[Free-text object descriptions]
^^^^^^^^^^^^^^^^

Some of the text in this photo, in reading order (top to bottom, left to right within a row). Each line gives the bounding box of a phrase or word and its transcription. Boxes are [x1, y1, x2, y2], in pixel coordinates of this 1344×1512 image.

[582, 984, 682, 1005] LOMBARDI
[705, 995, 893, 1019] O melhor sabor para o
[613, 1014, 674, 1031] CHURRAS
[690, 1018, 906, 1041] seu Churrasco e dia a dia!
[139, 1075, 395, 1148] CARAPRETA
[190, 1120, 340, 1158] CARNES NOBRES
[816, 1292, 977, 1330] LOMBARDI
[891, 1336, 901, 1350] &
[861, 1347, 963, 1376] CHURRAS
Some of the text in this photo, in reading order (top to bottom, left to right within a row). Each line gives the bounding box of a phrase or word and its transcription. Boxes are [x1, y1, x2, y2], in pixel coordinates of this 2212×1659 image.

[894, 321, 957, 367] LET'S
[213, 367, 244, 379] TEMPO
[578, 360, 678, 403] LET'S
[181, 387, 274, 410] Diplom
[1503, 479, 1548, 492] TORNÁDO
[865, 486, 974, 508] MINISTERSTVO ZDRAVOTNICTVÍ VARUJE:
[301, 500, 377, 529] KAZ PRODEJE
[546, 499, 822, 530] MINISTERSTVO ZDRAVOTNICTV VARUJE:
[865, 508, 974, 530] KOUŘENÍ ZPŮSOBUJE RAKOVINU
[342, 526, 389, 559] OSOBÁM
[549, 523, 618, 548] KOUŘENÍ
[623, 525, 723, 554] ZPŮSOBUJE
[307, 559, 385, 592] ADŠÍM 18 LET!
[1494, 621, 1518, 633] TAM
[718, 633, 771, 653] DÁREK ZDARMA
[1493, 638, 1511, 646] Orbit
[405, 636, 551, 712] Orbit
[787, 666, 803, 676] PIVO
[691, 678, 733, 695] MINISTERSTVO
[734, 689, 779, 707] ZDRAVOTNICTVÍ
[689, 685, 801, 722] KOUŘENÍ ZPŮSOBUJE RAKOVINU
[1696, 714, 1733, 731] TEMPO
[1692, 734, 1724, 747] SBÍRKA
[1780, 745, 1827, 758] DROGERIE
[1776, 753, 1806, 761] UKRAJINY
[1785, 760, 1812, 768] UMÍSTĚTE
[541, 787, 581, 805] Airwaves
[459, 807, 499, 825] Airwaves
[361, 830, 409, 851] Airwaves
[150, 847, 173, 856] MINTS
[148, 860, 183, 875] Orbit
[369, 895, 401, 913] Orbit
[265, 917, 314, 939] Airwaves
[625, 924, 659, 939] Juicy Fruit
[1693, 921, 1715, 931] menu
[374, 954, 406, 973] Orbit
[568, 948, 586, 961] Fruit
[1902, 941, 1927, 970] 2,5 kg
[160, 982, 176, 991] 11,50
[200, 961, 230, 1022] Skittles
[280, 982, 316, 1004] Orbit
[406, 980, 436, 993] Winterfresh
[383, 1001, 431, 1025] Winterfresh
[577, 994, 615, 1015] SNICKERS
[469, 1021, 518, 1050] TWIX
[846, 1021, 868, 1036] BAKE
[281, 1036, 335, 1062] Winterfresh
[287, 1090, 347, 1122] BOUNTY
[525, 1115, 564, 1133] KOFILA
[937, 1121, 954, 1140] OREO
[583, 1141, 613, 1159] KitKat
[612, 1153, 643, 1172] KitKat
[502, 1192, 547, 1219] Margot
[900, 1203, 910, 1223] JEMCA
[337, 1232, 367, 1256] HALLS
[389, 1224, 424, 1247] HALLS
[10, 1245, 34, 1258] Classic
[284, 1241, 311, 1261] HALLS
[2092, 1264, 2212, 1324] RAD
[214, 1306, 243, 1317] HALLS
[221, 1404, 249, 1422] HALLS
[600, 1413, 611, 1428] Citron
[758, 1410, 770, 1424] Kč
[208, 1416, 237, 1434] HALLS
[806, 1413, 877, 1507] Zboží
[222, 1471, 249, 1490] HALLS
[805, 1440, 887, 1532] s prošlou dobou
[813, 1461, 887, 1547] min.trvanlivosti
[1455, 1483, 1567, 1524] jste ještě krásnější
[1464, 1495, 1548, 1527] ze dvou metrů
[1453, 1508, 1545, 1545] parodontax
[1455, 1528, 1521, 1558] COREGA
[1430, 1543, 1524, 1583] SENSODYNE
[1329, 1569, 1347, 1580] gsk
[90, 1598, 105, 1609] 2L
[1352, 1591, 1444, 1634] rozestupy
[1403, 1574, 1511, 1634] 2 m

^^^^^^^^^^^^^^^^

WORK REQUIRED
State how many lines of the entries above include the string "bottom". The reply is that number alone.

TASK RESULT
2